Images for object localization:
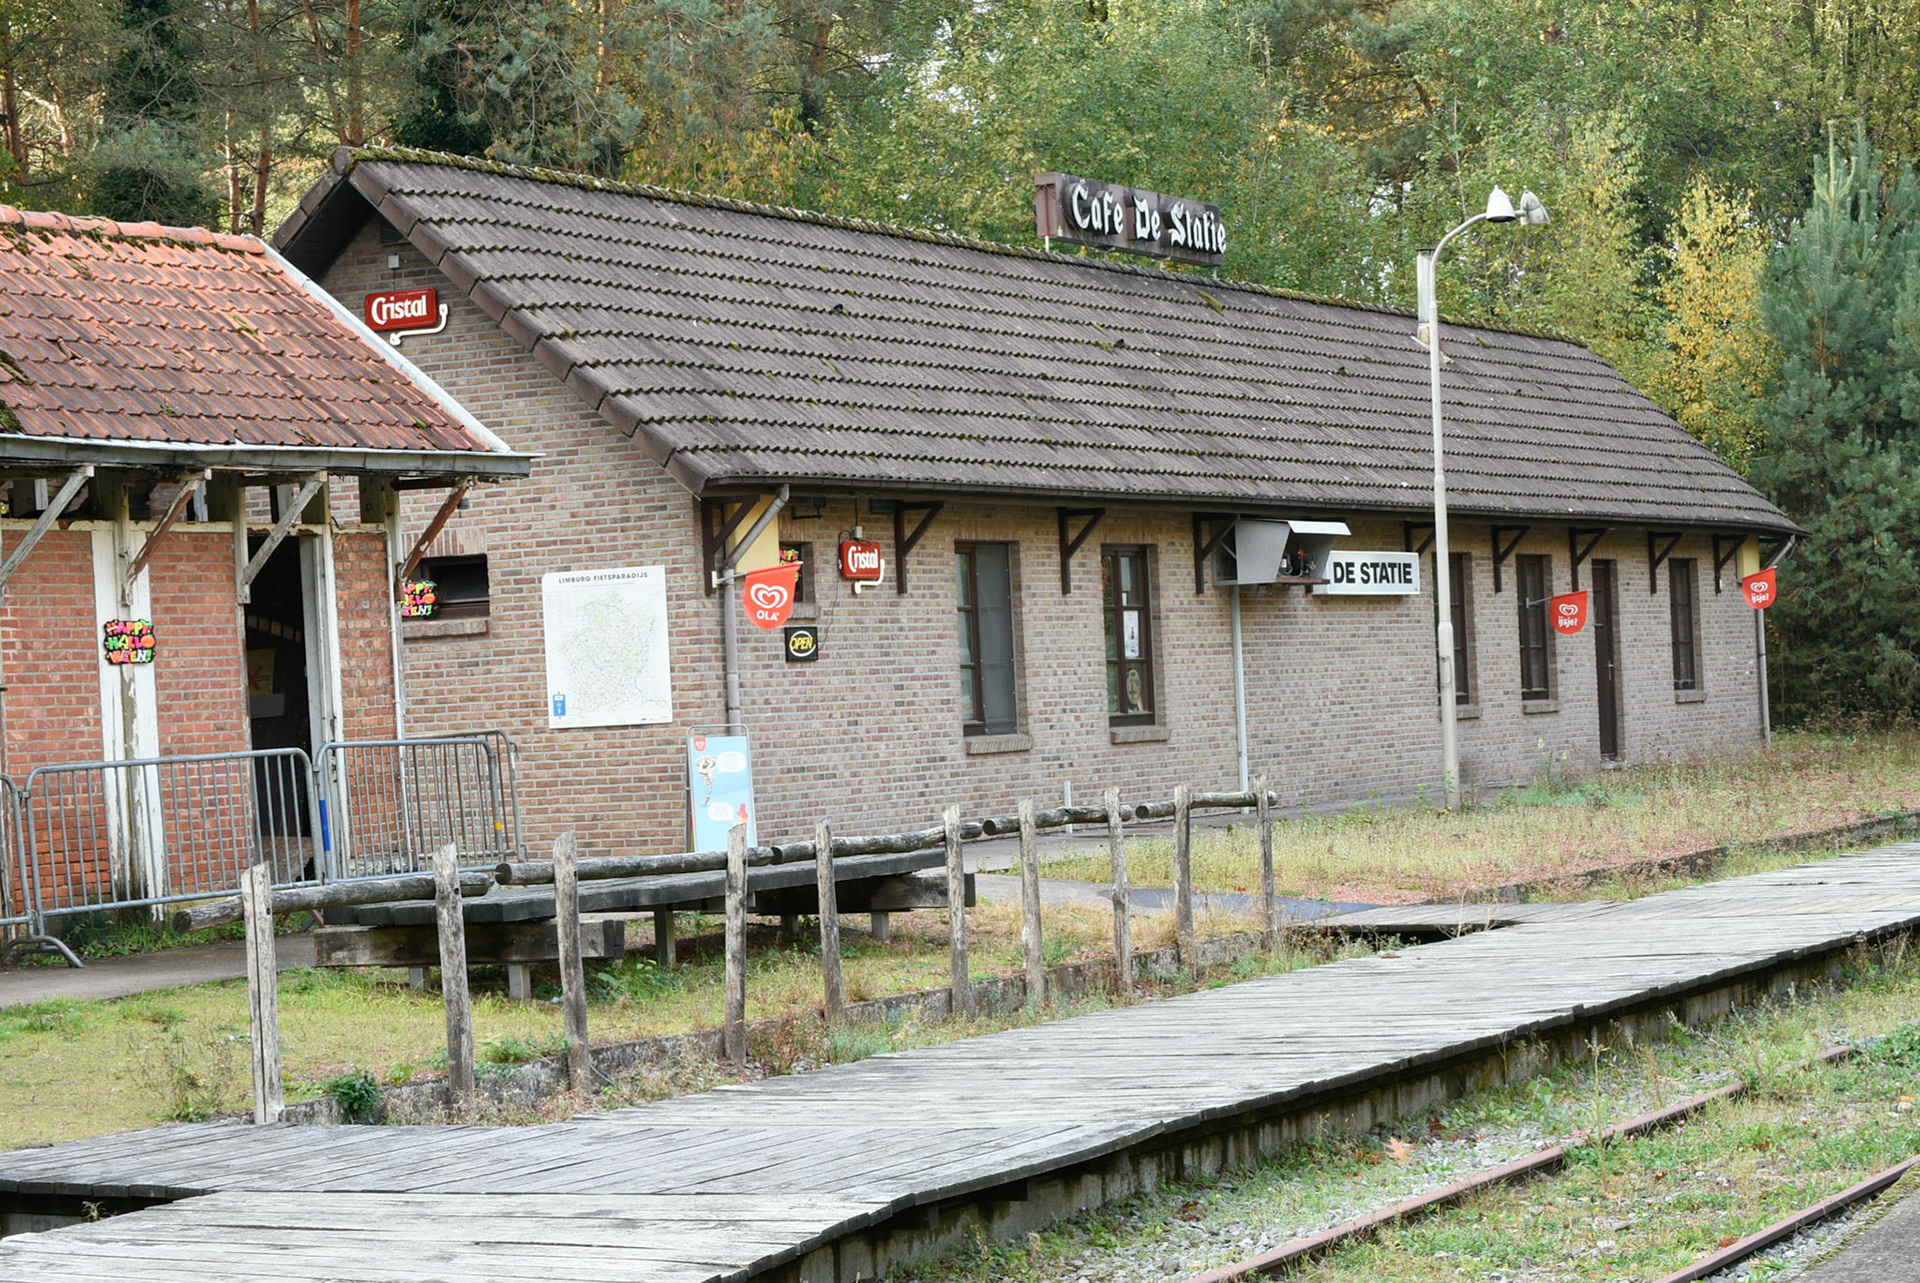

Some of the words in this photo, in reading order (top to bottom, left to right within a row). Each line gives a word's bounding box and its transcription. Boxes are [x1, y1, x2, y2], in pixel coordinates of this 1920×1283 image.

[1134, 195, 1161, 240] De
[1168, 203, 1227, 254] Statie
[371, 295, 427, 325] Cristal
[848, 546, 878, 573] Cristal
[558, 575, 591, 584] LIMBURG
[593, 571, 649, 582] FIETSPARADIJS
[1333, 562, 1356, 584] DE
[1360, 562, 1413, 585] STATIE
[756, 610, 778, 621] OLA
[1558, 615, 1579, 628] ijsje?
[106, 621, 152, 636] HAPPY
[108, 634, 156, 650] HALLO
[789, 636, 813, 650] OPEN
[108, 649, 152, 664] WEEN!

EXERCISE PROMPT —
Send back every line above exactly, skipping all pictures.

ANSWER SECTION —
Some of the words in this photo, in reading order (top to bottom, left to right within a row). Each line gives a word's bounding box and its transcription. Boxes are [x1, y1, x2, y2], in pixel coordinates of this 1920×1283 image.

[1134, 195, 1161, 240] De
[1168, 203, 1227, 254] Statie
[371, 295, 427, 325] Cristal
[848, 546, 878, 573] Cristal
[558, 575, 591, 584] LIMBURG
[593, 571, 649, 582] FIETSPARADIJS
[1333, 562, 1356, 584] DE
[1360, 562, 1413, 585] STATIE
[756, 610, 778, 621] OLA
[1558, 615, 1579, 628] ijsje?
[106, 621, 152, 636] HAPPY
[108, 634, 156, 650] HALLO
[789, 636, 813, 650] OPEN
[108, 649, 152, 664] WEEN!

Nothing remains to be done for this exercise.